E a proposito di queste annotazioni, da uno che è vissuto qualche anno in Sicilia, non mi attendevo generalizzazioni molto simili a quelle da lui rimproverate al Bazin, o meraviglie e stupori davanti a spettacoli di miseria o di poca nettezza, quasi essi fossero una specialità della Sicilia e non se ne vedesse neppur l'ombra altrove, nel continente italiano e fuori!

Egli descrive con gran compiacenza di particolari un misero albergo di Giarre e la difficoltà di procurarsi un po' di carne e delle uova... Ma forse questo avviene soltanto a Giarre, paesetto dove la ferrovia ha ormai reso superflui gli alberghi che vi erano prima, quando esso era punto di fermata del viaggio in diligenza o in carrozza fra Catania e Messina?

Un giorno, anni fa, il Verga ed io pensammo di fare una bella passeggiata e andare da Milano a Sesto. Ma non era domenica, e nei due o tre ristoranti, che la domenica rigurgitavano di avventori, non c'era anima viva. Chiesto invano da mangiare a due ristoranti indicatici come migliori, dovemmo rassegnarci a ricorrere al terzo. Il padrone ci guardò con aria così ansiosa, che ci lusingammo di essere capitati bene. Il locale non era veramente di gran lusso, ma decente. — C'è qualcosa di pronto? — Niente; tutto da farsi. — Allora, spaghetti al pomidoro. — Oggi, cari signori? Impossibile! — Due cotolette ai ferri; intanto un po' di salame, un po' di burro. — Il padrone si grattava poco pulitamente la testa. — Insomma?... — Quel che vogliono; ma, oggi...

E dovemmo contentarci di un po' di pane non fresco, di un po' di gorgonzola o stracchino, non ricordo bene, e qualche mela. A Sesto! A poche miglia da Milano! D'estate! Cioè, quando quel paesetto diventa luogo di villeggiatura domenicale pei buoni ambrosiani che non possono correre alle montagne o al mare!
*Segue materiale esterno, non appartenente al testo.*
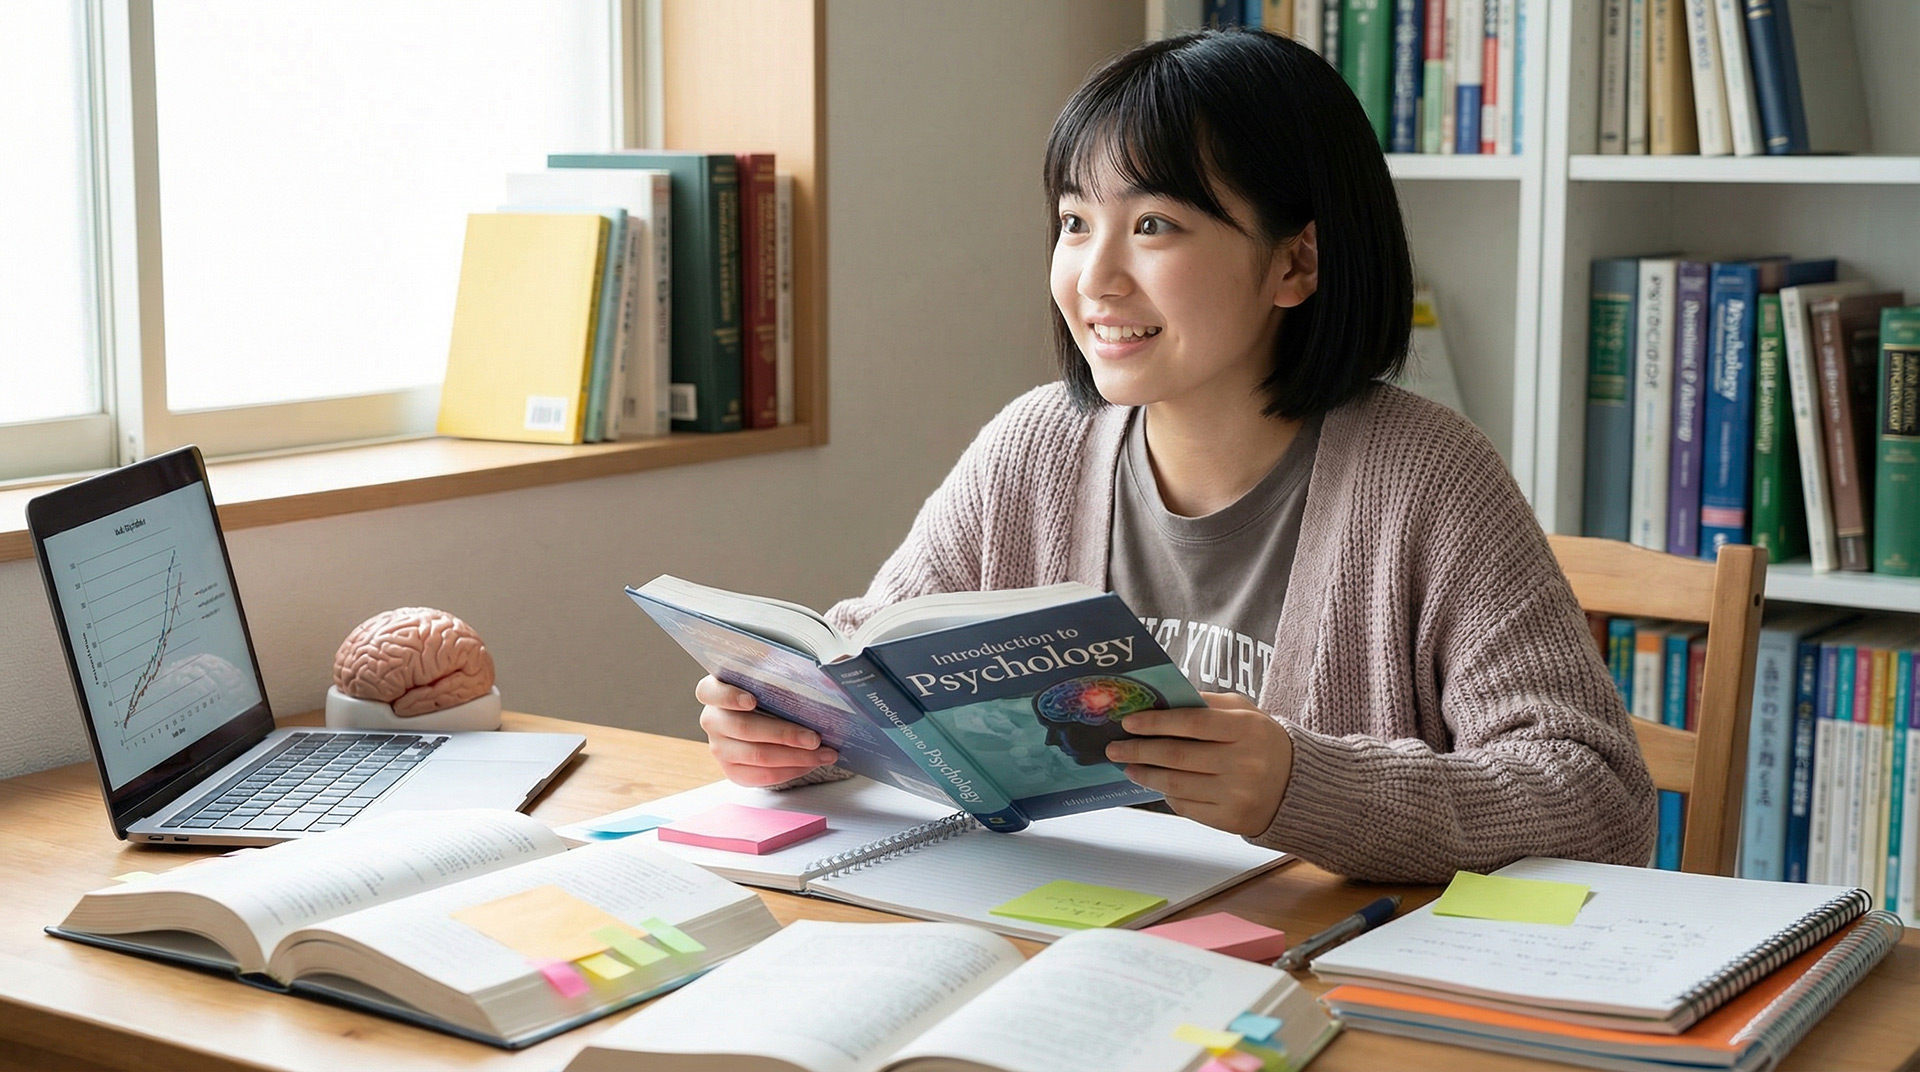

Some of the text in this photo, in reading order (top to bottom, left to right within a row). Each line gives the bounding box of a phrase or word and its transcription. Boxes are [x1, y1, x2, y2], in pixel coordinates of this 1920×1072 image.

Il Verga ed io ci contentammo di ridere, e di andare a desinare a quel Biffi che avevamo voluto fuggire. E stia sicuro il prof. Lesca che, nel caso che io avessi la tentazione di mettermi a scrivere le mie memorie, non dirò — glielo giuro — che Sesto, nel 1889, era un posto selvaggio, dove due viaggiatori potevano facilmente morire di fame!


VITTORIO PICA

Il suo ultimo libro s'intitola: Letteratura di eccezione; ed è un'eccezione anche lui, l'autore, che si è formato una specialità della critica letteraria ed artistica, senza mai invadere altri campi. Per ciò è riuscito un critico che sa molto bene il suo mestiere, cosa rara tra noi.

Si può anzi dire che un eccessivo scrupolo di coscienza lo abbia indotto a limitare lo spazio dei suoi studi d'arte letteraria alla sola letteratura francese contemporanea, e, in questa, particolarmente alla produzione che ha lo spiccato carattere della ricerca del nuovo a ogni costo e, appunto per tale smania, invece dell'originalità, trova spesso la caricatura di essa, lo strano, l'assurdo. Giacchè si è originali senza volerlo e quasi senza saperlo, per naturale conformazione dell'ingegno, come si hanno quella fisonomia, quei gesti, quel tono di voce, quei modi di sentire e di esprimersi che costituiscono la individualità d'ogni creatura umana, e la distinguono da tutte le altre. Questa originalità naturale, istintiva, organica, non mostra nessuno sforzo, nessuna deliberata intenzione di voler essere tale; non architetta anticipatamente teoriche che debbano regolarla e giustificarla; si manifesta genialmente, vivendo, operando, cioè producendo l'opera d'arte più conforme ai suoi mezzi di creazione.